— INSTRUCTIONS TO FOLLOW —
All of the data is to be written out again exactly, without the pictures.

Items from a data source

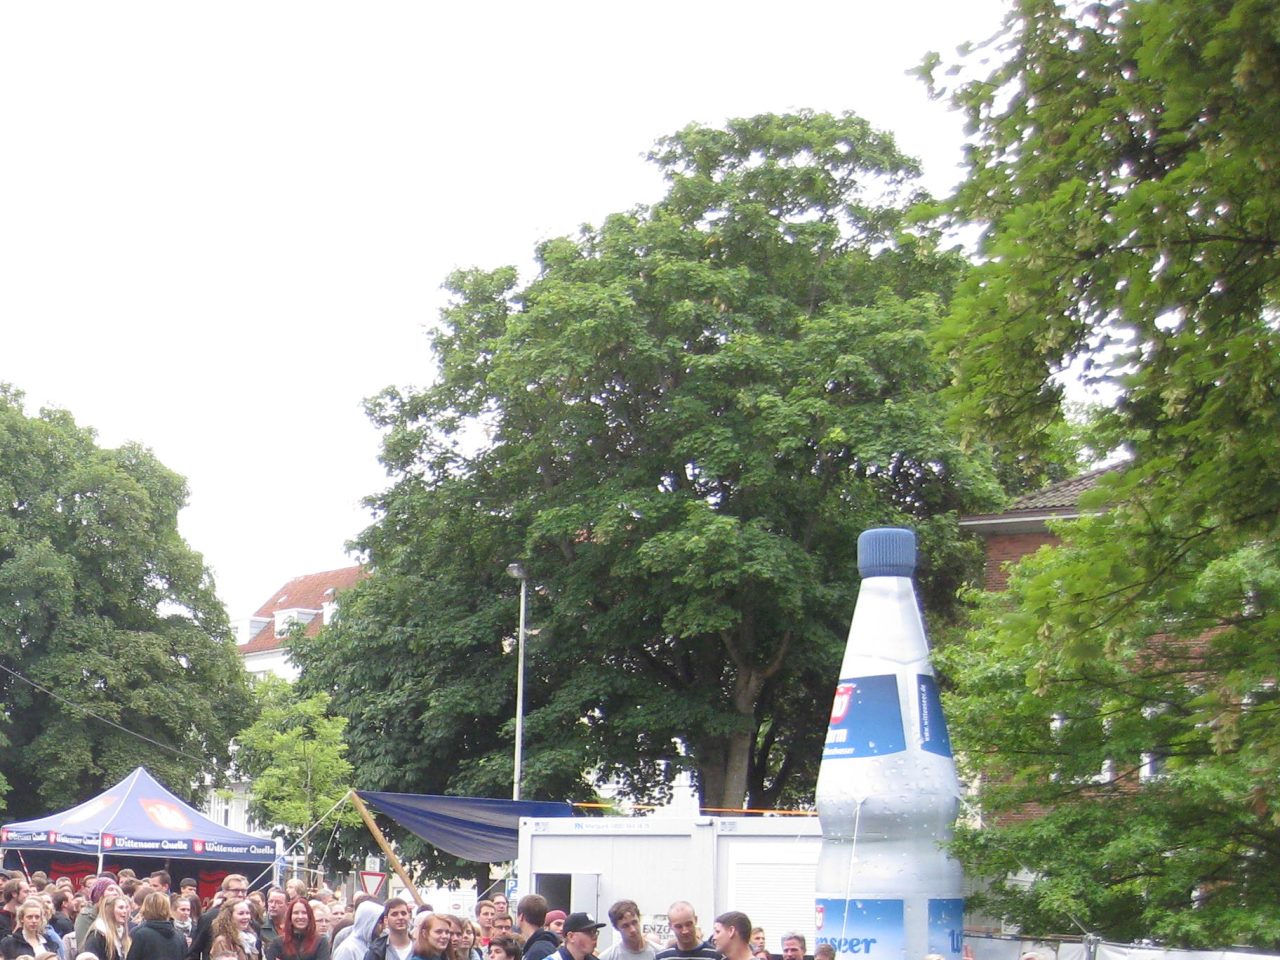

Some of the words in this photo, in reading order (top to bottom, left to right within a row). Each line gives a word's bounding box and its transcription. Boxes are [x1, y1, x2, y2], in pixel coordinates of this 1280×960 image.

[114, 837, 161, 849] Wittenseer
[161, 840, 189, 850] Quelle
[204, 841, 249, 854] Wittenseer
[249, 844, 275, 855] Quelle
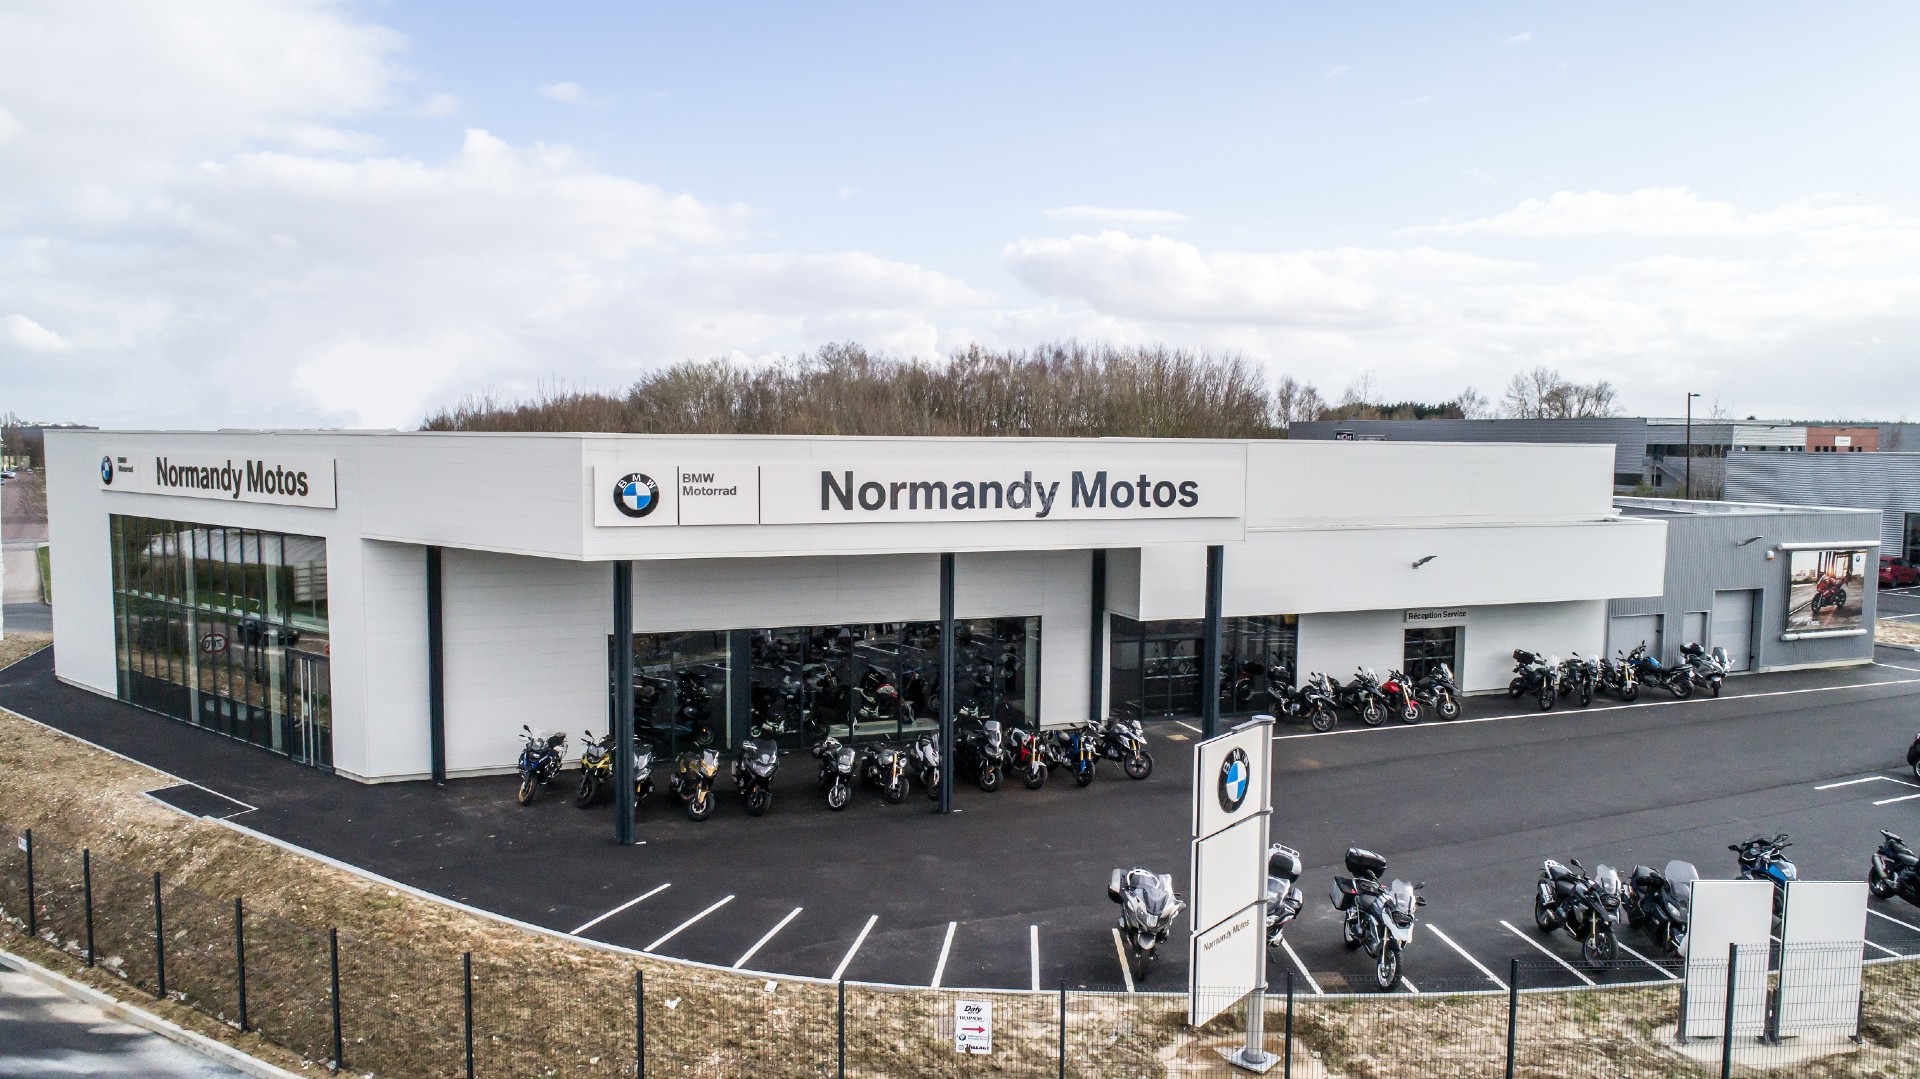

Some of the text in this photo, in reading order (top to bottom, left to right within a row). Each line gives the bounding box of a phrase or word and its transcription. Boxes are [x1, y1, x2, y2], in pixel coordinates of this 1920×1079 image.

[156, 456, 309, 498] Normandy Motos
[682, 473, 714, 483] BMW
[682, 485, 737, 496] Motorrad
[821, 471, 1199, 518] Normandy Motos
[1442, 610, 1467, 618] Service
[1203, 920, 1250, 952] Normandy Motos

— EXERCISE OUTPUT —
Some of the words in this photo, in reading order (top to bottom, left to right within a row). Each line gives a word's bounding box and its transcription. Boxes are [x1, y1, x2, y2], in pixel coordinates of this 1280×960 image.

[114, 837, 161, 849] Wittenseer
[161, 840, 189, 850] Quelle
[204, 841, 249, 854] Wittenseer
[249, 844, 275, 855] Quelle

Some of the text in this photo, in reading order (top to bottom, left to right within a row). Each line gives the bounding box of a phrase or word and its transcription. Boxes are [x1, y1, x2, y2], in pixel coordinates of this 1920×1079 image.

[156, 456, 309, 498] Normandy Motos
[682, 473, 714, 483] BMW
[682, 485, 737, 496] Motorrad
[821, 471, 1199, 518] Normandy Motos
[1442, 610, 1467, 618] Service
[1203, 920, 1250, 952] Normandy Motos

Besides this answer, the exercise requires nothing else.